THE WORLD WIDE WEB CONSORTIUM (W3C) reckons that the final version of HTML5 won't be ready until 2014.

While technology giants are either shouting support or denouncing the marmite splitting properties of HTML5, the W3C reckons it's a waste of breath until the interoperability has been standardised. The standards body has said that could take some time, as it will be another three years before the full specification of HTML5 will be released.

There are currently fifty organisations in the HTLM5 working group all vying to get royalty free licensing under the W3C patent policy. There are also 400 individuals for whom HTML5 will be the backbone of their work.

It's a good thing that all the participants get their say in the HTLM5 working group but design by committee takes forever as everyone will be pulling in different directions.

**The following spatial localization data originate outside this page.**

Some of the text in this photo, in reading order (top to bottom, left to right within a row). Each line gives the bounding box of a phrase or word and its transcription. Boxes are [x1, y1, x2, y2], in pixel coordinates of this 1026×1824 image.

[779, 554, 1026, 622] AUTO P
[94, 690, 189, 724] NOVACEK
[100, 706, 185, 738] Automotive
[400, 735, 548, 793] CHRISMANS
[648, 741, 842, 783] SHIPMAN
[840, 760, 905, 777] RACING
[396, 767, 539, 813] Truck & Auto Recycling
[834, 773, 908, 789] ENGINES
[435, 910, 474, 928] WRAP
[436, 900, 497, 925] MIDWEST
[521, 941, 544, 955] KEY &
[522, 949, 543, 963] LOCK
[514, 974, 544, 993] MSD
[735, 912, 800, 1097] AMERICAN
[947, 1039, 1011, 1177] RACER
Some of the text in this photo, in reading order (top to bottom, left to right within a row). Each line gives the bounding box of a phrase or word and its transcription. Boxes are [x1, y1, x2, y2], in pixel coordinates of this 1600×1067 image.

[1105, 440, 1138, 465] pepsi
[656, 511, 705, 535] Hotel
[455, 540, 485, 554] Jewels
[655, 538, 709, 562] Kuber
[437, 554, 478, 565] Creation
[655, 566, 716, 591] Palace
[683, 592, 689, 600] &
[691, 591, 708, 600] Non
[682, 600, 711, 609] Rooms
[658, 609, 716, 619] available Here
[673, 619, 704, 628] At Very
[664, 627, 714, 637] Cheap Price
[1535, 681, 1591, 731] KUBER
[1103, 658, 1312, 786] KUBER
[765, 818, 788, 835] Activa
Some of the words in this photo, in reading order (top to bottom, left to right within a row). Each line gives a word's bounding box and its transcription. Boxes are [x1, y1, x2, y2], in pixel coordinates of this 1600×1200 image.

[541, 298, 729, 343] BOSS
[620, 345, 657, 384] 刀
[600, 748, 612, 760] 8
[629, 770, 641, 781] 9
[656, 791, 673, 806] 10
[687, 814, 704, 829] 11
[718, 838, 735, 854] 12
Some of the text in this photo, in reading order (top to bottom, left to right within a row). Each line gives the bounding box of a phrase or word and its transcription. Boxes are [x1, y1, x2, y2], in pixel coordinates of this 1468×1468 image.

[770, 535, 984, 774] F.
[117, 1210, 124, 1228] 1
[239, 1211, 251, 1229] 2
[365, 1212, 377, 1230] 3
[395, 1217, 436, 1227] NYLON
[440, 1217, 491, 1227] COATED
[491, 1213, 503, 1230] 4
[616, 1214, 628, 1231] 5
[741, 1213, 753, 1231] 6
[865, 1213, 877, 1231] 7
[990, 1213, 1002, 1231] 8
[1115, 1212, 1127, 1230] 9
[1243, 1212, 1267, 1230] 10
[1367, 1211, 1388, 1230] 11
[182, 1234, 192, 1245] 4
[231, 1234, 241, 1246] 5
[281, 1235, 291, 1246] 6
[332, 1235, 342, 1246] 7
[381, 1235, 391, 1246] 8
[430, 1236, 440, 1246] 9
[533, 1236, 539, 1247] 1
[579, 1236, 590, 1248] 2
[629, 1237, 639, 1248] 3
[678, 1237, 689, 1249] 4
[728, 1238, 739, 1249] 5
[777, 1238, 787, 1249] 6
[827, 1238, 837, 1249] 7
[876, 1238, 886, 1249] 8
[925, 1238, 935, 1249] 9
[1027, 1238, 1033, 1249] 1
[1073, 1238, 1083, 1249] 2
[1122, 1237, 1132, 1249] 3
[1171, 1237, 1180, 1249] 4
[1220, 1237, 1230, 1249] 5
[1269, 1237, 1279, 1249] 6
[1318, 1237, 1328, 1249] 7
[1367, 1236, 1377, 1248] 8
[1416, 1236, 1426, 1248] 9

However, the W3C is willing to wait until 2014 because it's working on a comprehensive test suite. It claimed this will ensure the broadest possible interoperability for HTML5.

"Even as innovation continues, advancing HTML5 to Recommendation provides the entire Web ecosystem with a stable, tested, interoperable standard," said Jeff Jaffe, W3C CEO.

"The decision to schedule the HTML5 Last Call for May 2011 was an important step in setting industry expectations. Today we take the next step, announcing 2014 as the target for Recommendation," he added.

It seems that Google isn't hanging around to get some HTML5 action going. Yesterday the company added HTML5 canvas backing to its Google Web Toolkit.  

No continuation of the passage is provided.